▶ [AVAILABLE RECORDS]
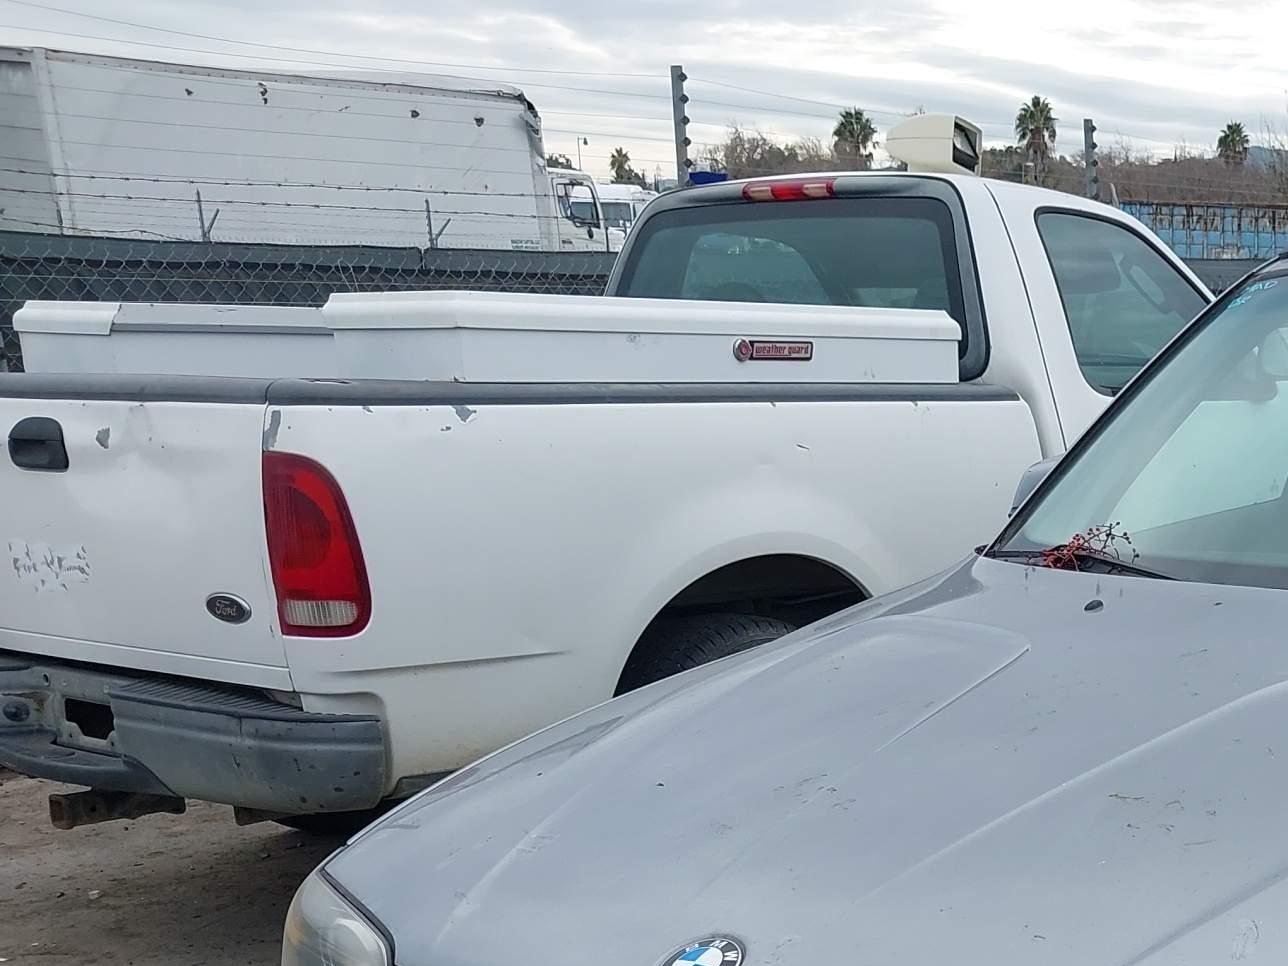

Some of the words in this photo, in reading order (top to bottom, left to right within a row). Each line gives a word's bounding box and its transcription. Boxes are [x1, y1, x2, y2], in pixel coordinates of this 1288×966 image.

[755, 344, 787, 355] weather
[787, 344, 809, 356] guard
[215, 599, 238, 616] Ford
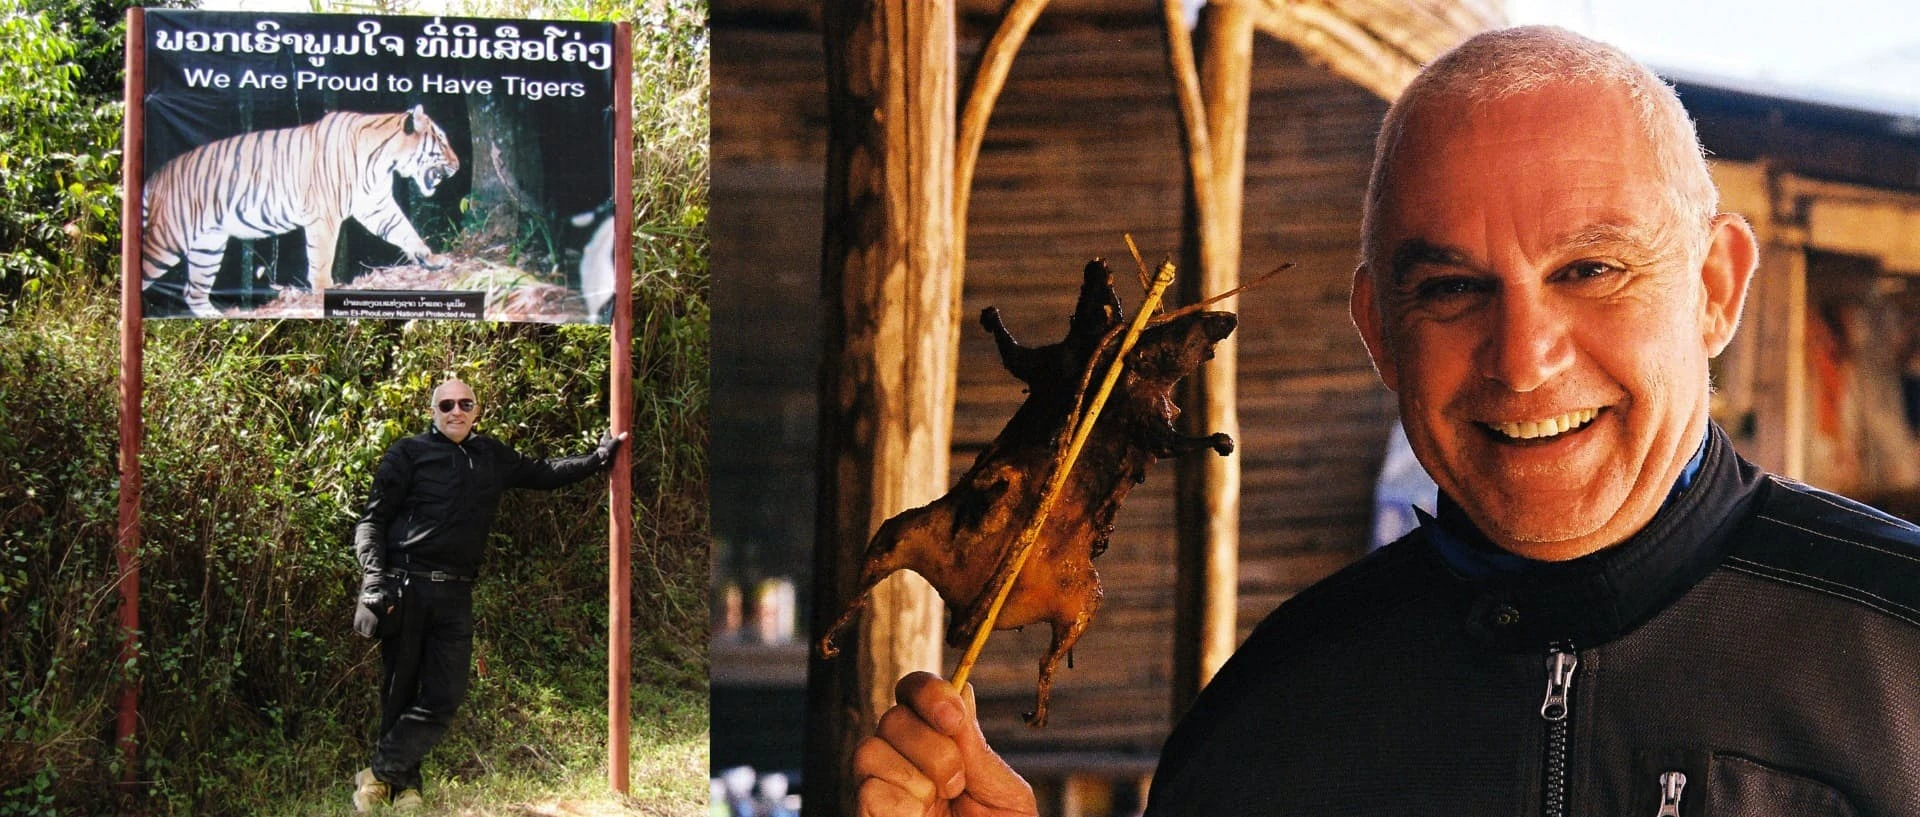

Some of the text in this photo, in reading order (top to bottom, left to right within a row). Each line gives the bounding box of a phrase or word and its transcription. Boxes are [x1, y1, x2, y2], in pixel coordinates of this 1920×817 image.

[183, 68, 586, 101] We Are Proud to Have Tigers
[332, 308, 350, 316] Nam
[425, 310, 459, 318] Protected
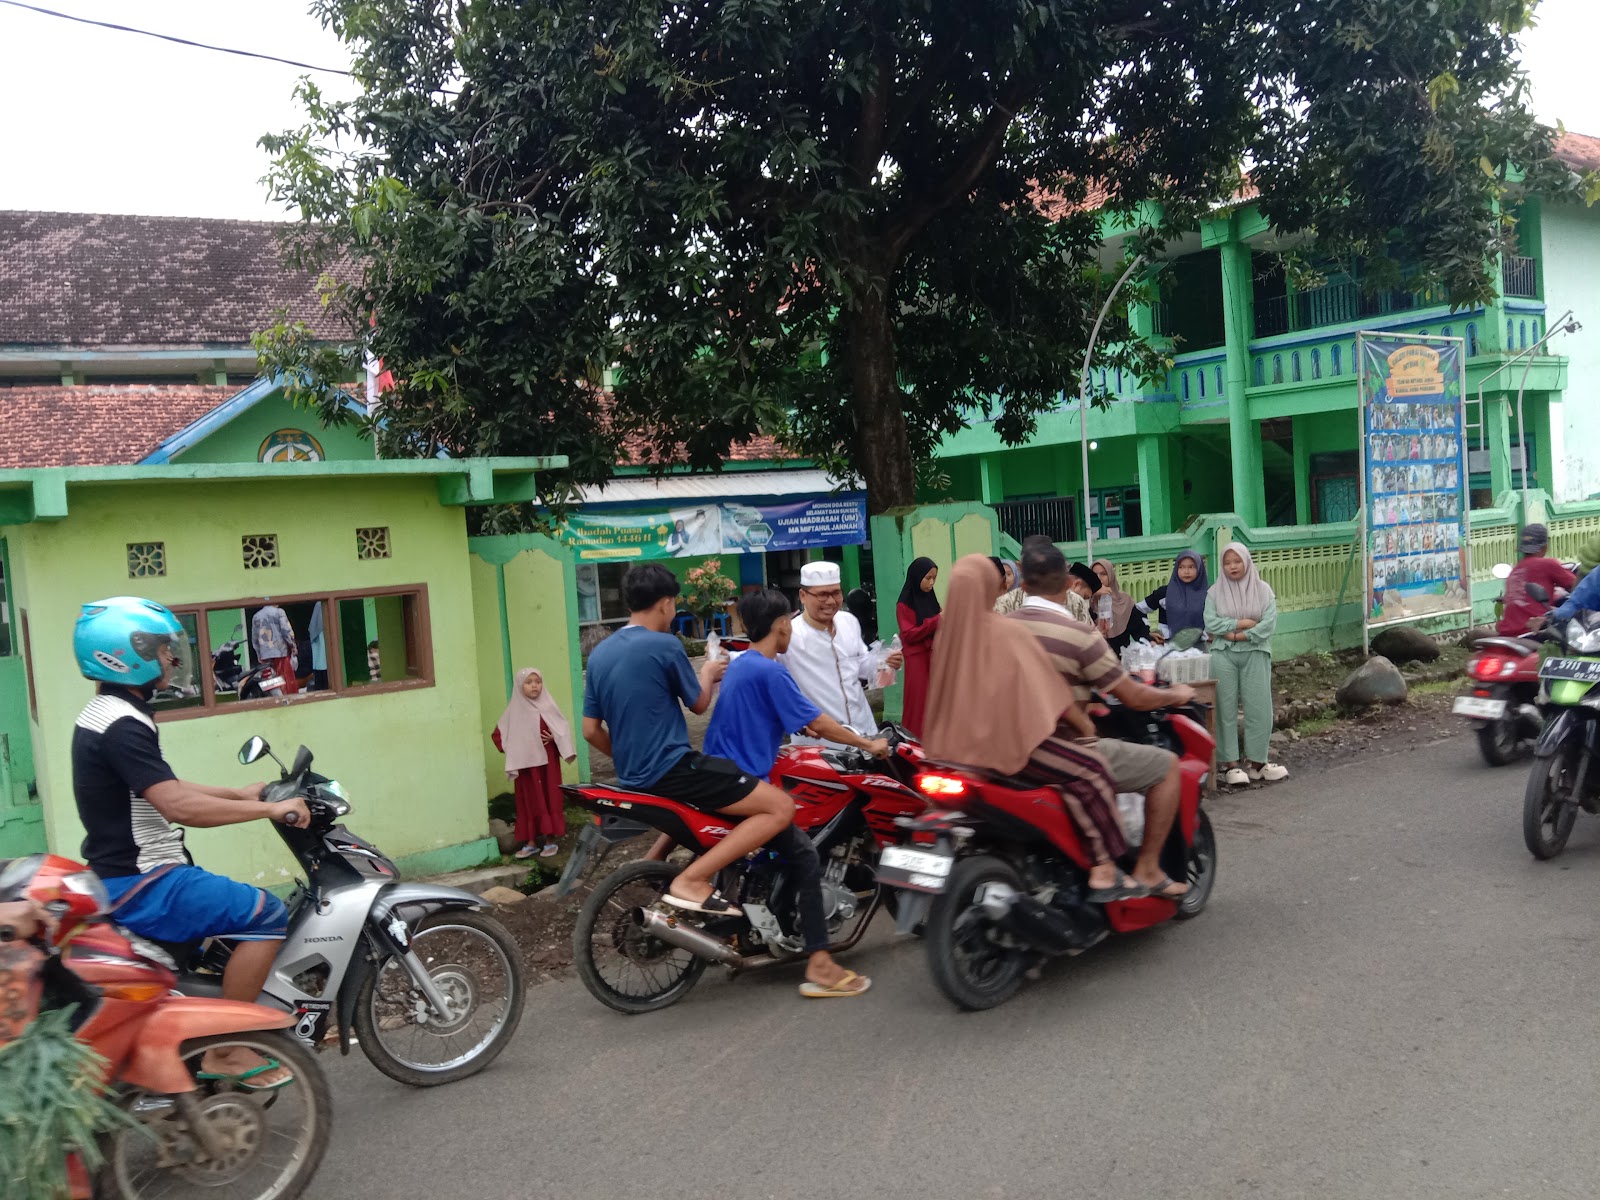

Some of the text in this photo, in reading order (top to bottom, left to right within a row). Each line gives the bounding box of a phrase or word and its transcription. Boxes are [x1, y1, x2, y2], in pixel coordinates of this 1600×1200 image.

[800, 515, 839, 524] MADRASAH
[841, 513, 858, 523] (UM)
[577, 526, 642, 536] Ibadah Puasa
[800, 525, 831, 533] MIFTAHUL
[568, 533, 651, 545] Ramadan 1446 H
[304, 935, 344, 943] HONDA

▶ [PROBLEM DETAILS] Pictures are to be left out; the records above must be repeated word for word.

▶ [RESPONSE BOX]
Some of the words in this photo, in reading order (top to bottom, left to right within a row). Each line gives a word's bounding box and its transcription. Boxes are [x1, y1, x2, y2], in pixel coordinates of this 1288×966 image.

[755, 344, 787, 355] weather
[787, 344, 809, 356] guard
[215, 599, 238, 616] Ford

Some of the text in this photo, in reading order (top to bottom, left to right within a row). Each line gives the bounding box of a phrase or word and its transcription. Boxes are [x1, y1, x2, y2], in pixel coordinates of this 1920×817 image.

[183, 68, 586, 101] We Are Proud to Have Tigers
[332, 308, 350, 316] Nam
[425, 310, 459, 318] Protected

Some of the text in this photo, in reading order (top to bottom, left to right within a row). Each line gives the bounding box of a phrase or word and its transcription. Boxes are [x1, y1, x2, y2], in pixel coordinates of this 1600×1200 image.

[800, 515, 839, 524] MADRASAH
[841, 513, 858, 523] (UM)
[577, 526, 642, 536] Ibadah Puasa
[800, 525, 831, 533] MIFTAHUL
[568, 533, 651, 545] Ramadan 1446 H
[304, 935, 344, 943] HONDA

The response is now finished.